EXERCISE PROMPT: The data below is to be repeated in full, exactly as given.

Referring expression grounding data:
※ ※ ※

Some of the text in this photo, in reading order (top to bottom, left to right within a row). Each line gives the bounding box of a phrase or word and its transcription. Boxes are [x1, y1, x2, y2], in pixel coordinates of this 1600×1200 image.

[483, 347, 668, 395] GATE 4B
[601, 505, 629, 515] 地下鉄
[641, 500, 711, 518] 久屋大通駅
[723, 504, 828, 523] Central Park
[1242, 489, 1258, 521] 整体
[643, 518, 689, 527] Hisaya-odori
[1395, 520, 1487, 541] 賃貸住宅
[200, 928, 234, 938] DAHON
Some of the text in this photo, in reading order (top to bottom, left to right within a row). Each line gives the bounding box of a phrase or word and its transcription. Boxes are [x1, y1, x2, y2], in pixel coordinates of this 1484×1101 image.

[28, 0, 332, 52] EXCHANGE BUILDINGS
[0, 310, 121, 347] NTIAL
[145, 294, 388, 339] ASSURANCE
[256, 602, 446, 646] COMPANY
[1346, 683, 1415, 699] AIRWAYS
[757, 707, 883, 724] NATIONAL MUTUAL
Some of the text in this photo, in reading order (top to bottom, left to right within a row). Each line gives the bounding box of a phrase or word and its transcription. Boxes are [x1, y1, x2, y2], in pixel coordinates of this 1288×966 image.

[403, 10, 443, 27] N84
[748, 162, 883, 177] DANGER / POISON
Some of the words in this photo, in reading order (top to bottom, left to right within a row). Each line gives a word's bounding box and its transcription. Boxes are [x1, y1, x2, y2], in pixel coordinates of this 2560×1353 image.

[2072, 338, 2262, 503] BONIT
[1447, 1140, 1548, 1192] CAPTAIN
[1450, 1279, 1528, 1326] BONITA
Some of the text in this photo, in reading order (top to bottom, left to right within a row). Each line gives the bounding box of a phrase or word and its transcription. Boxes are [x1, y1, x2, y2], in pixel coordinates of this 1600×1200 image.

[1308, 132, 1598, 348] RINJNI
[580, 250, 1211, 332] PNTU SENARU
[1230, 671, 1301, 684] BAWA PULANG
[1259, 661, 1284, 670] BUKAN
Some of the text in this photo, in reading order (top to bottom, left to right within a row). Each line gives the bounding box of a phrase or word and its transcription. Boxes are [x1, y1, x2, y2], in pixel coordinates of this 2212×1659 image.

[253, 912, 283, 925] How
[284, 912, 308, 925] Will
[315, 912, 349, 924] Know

※ ※ ※

OUTPUT BELOW:
Some of the text in this photo, in reading order (top to bottom, left to right within a row). Each line gives the bounding box of a phrase or word and its transcription. Boxes are [x1, y1, x2, y2], in pixel coordinates of this 1600×1200 image.

[483, 347, 668, 395] GATE 4B
[601, 505, 629, 515] 地下鉄
[641, 500, 711, 518] 久屋大通駅
[723, 504, 828, 523] Central Park
[1242, 489, 1258, 521] 整体
[643, 518, 689, 527] Hisaya-odori
[1395, 520, 1487, 541] 賃貸住宅
[200, 928, 234, 938] DAHON
Some of the text in this photo, in reading order (top to bottom, left to right within a row). Each line gives the bounding box of a phrase or word and its transcription. Boxes are [x1, y1, x2, y2], in pixel coordinates of this 1484×1101 image.

[28, 0, 332, 52] EXCHANGE BUILDINGS
[0, 310, 121, 347] NTIAL
[145, 294, 388, 339] ASSURANCE
[256, 602, 446, 646] COMPANY
[1346, 683, 1415, 699] AIRWAYS
[757, 707, 883, 724] NATIONAL MUTUAL
Some of the text in this photo, in reading order (top to bottom, left to right within a row). Each line gives the bounding box of a phrase or word and its transcription. Boxes are [x1, y1, x2, y2], in pixel coordinates of this 1288×966 image.

[403, 10, 443, 27] N84
[748, 162, 883, 177] DANGER / POISON
Some of the words in this photo, in reading order (top to bottom, left to right within a row). Each line gives a word's bounding box and its transcription. Boxes are [x1, y1, x2, y2], in pixel coordinates of this 2560×1353 image.

[2072, 338, 2262, 503] BONIT
[1447, 1140, 1548, 1192] CAPTAIN
[1450, 1279, 1528, 1326] BONITA
Some of the text in this photo, in reading order (top to bottom, left to right within a row). Each line gives the bounding box of a phrase or word and its transcription. Boxes are [x1, y1, x2, y2], in pixel coordinates of this 1600×1200 image.

[1308, 132, 1598, 348] RINJNI
[580, 250, 1211, 332] PNTU SENARU
[1230, 671, 1301, 684] BAWA PULANG
[1259, 661, 1284, 670] BUKAN
Some of the text in this photo, in reading order (top to bottom, left to right within a row). Each line gives the bounding box of a phrase or word and its transcription. Boxes are [x1, y1, x2, y2], in pixel coordinates of this 2212×1659 image.

[253, 912, 283, 925] How
[284, 912, 308, 925] Will
[315, 912, 349, 924] Know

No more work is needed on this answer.